HOUSTON (Reuters) - Oil prices fell more than 1 percent on Thursday, breaking four days of gains, pressured by larger-than-expected product inventories in the United States and profit-taking after a recent run-up in markets.
Brent crude LCOc1 settled down 92 cents, or 1.6 percent, at $57.23 a barrel. The global benchmark is still about 30 percent above its mid-year levels.
U.S. light crude CLc1 settled down 75 cents, or 1.4 percent, to $51.29, but is still nearly 25 percent higher than June’s lows.
Ongoing tension in the Middle East has boosted prices, but analysts say those concerns may now be priced into the market.
“The geopolitical risk that came rushing into the market is starting to come out,” said John Kilduff, a partner at hedge fund Again Capital LLC.
Kurdish officials said thousands had fled the Kirkuk region fearing persecution since Iraqi armed forces retook it following a referendum on Kurdish independence that was rejected by Baghdad.

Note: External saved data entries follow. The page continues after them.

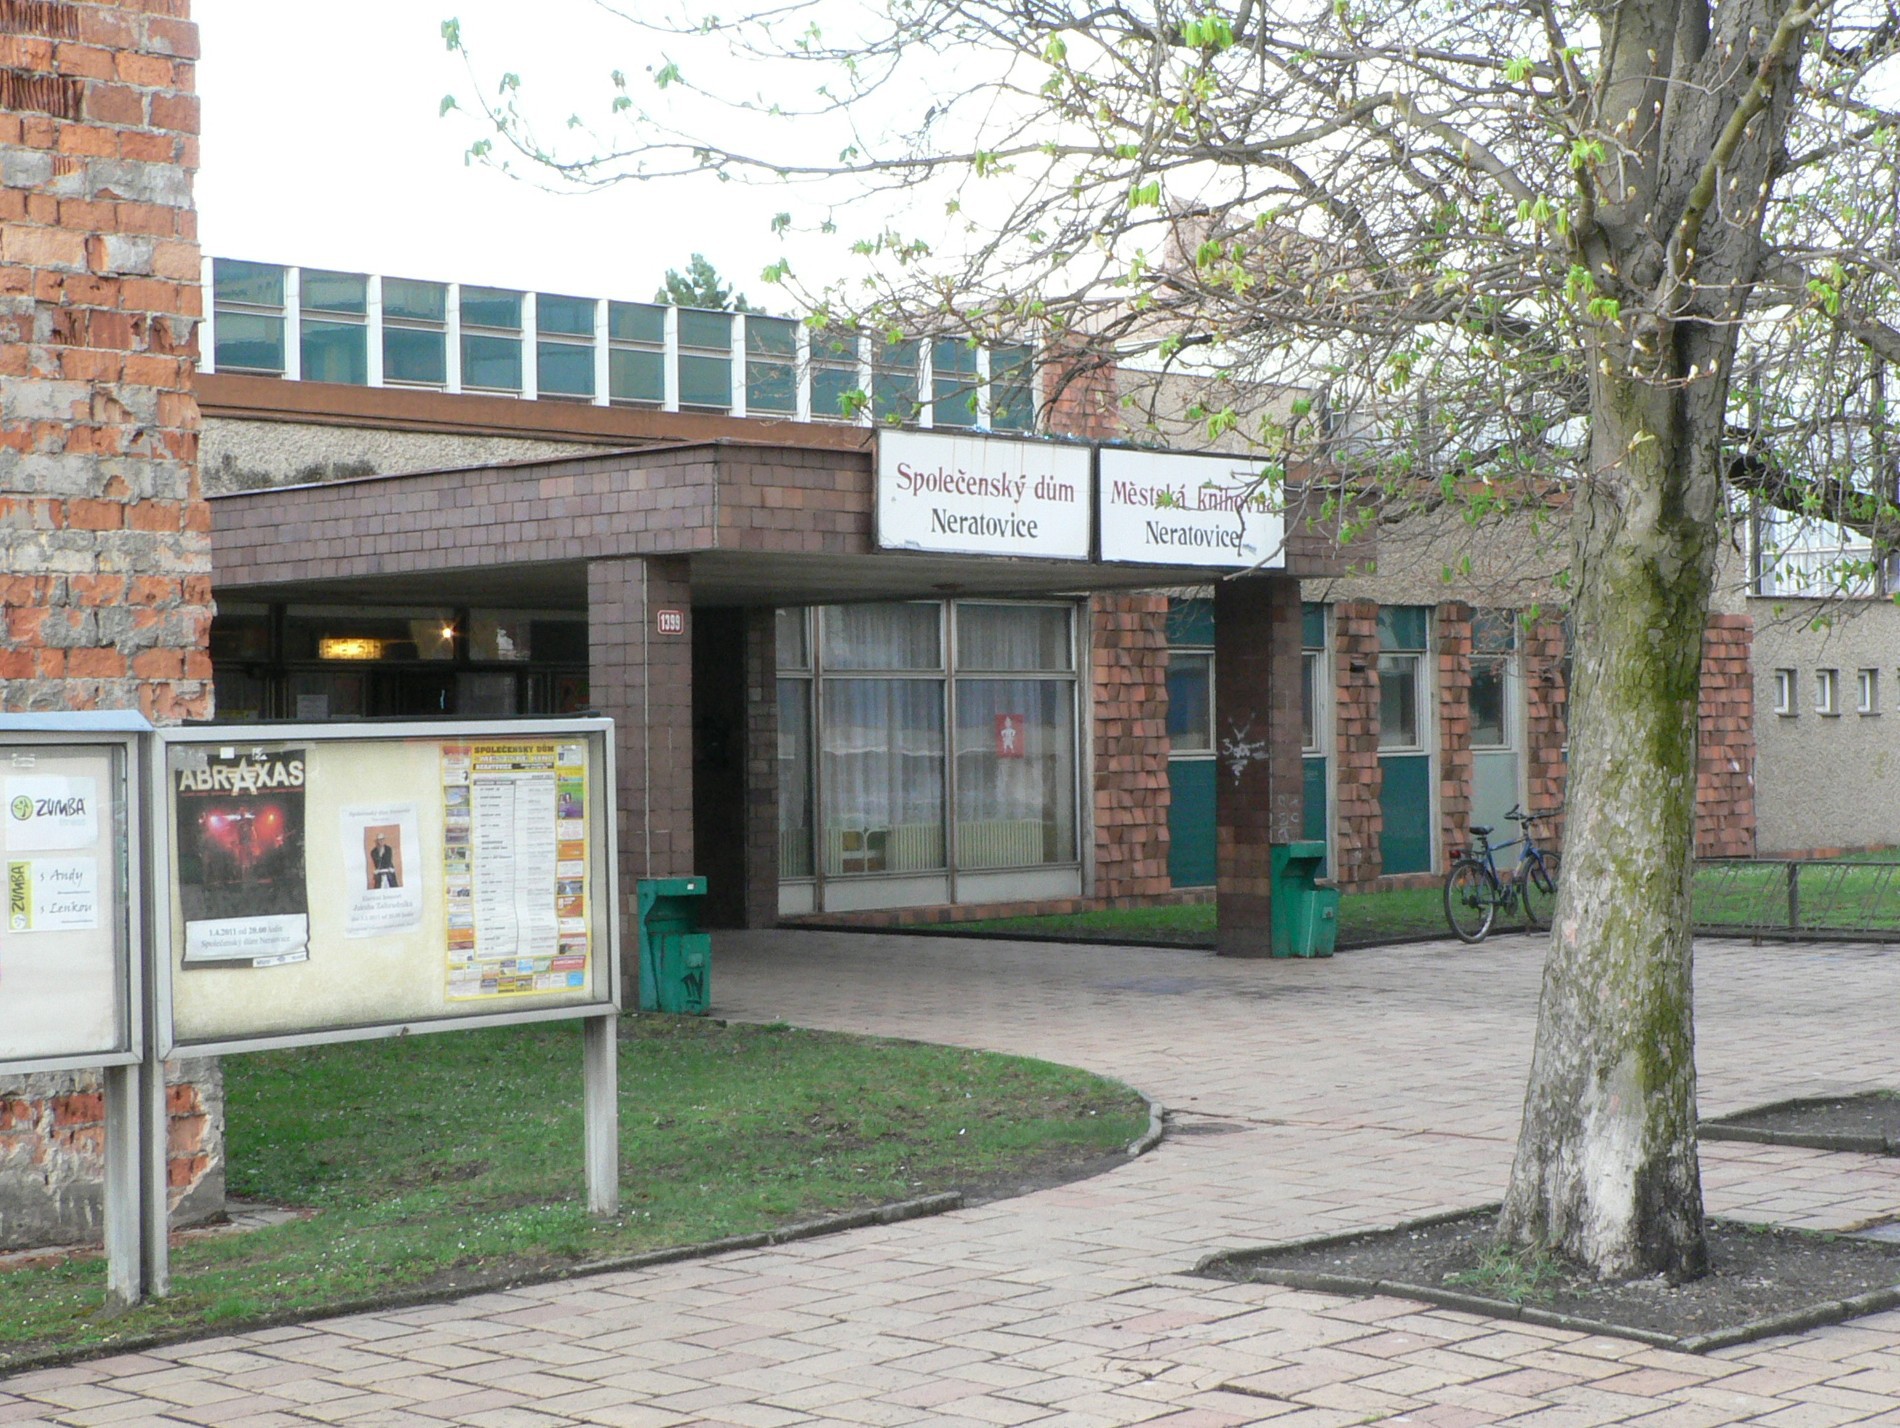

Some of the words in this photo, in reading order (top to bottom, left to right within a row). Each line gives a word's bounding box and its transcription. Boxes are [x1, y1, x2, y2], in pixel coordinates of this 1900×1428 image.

[896, 462, 1026, 504] Společenský
[1034, 475, 1075, 503] dům
[1110, 480, 1187, 509] Městská
[931, 508, 1039, 539] Neratovice
[1145, 521, 1240, 548] Neratovice
[660, 614, 681, 631] 1399
[179, 756, 305, 796] ABRAXAS
[35, 797, 87, 817] ZUMBA
[10, 865, 26, 912] ZUMBA
[50, 868, 84, 888] Andy

Iraq said it expects to restore Kirkuk’s oil production to last week’s levels by Sunday.
Royal Dutch Shell’s (RDSa.L) subsidiary in Nigeria, SPDC, lifted force majeure Thursday on Bonny Light crude oil exports.
Meanwhile, Chevron Corp (CVX.N) said it temporarily suspended oil and gas drilling activity in Iraqi Kurdistan.

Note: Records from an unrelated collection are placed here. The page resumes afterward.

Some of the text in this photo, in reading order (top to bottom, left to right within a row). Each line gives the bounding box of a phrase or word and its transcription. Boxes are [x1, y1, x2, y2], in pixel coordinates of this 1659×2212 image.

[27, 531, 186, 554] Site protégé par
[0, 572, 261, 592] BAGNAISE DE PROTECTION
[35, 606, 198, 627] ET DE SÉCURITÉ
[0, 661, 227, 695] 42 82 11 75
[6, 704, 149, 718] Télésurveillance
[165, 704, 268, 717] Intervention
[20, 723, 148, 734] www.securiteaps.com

Analysts said they have seen some profit-taking after two weeks of gains. Energy equities (XLE) were also weaker, falling to 3-1/2-week lows.
U.S. President Donald Trump last week refused to certify Iran’s compliance with a nuclear deal, leaving Congress 60 days to decide further action against Tehran. That could imply the resumption of sanctions against Iran, which reduced supply by about 1 million bpd during the previous round.
However, it is unlikely the United States will get the same level of cooperation from other countries as it did when it previously sanctioned Iran.
Analysts said crude supply should keep tightening if the Organization of the Petroleum Exporting Countries and partners, including Russia, agree an expected extension to their deal to curb production.
The market turned bearish on Wednesday after the U.S. Energy Information Administration reported a surprise drop in U.S. refining rates and an unexpected build in fuel stocks last week that signaled slower demand in the world’s top oil consumer. [EIA/S]
The fuel build overshadowed a 5.7 million-barrel slump in U.S. crude inventories C-STK-T-EIA and an 11-percent tumble in crude output last week to 8.4 million barrels per day (bpd) as production was shut in by Hurricane Nate.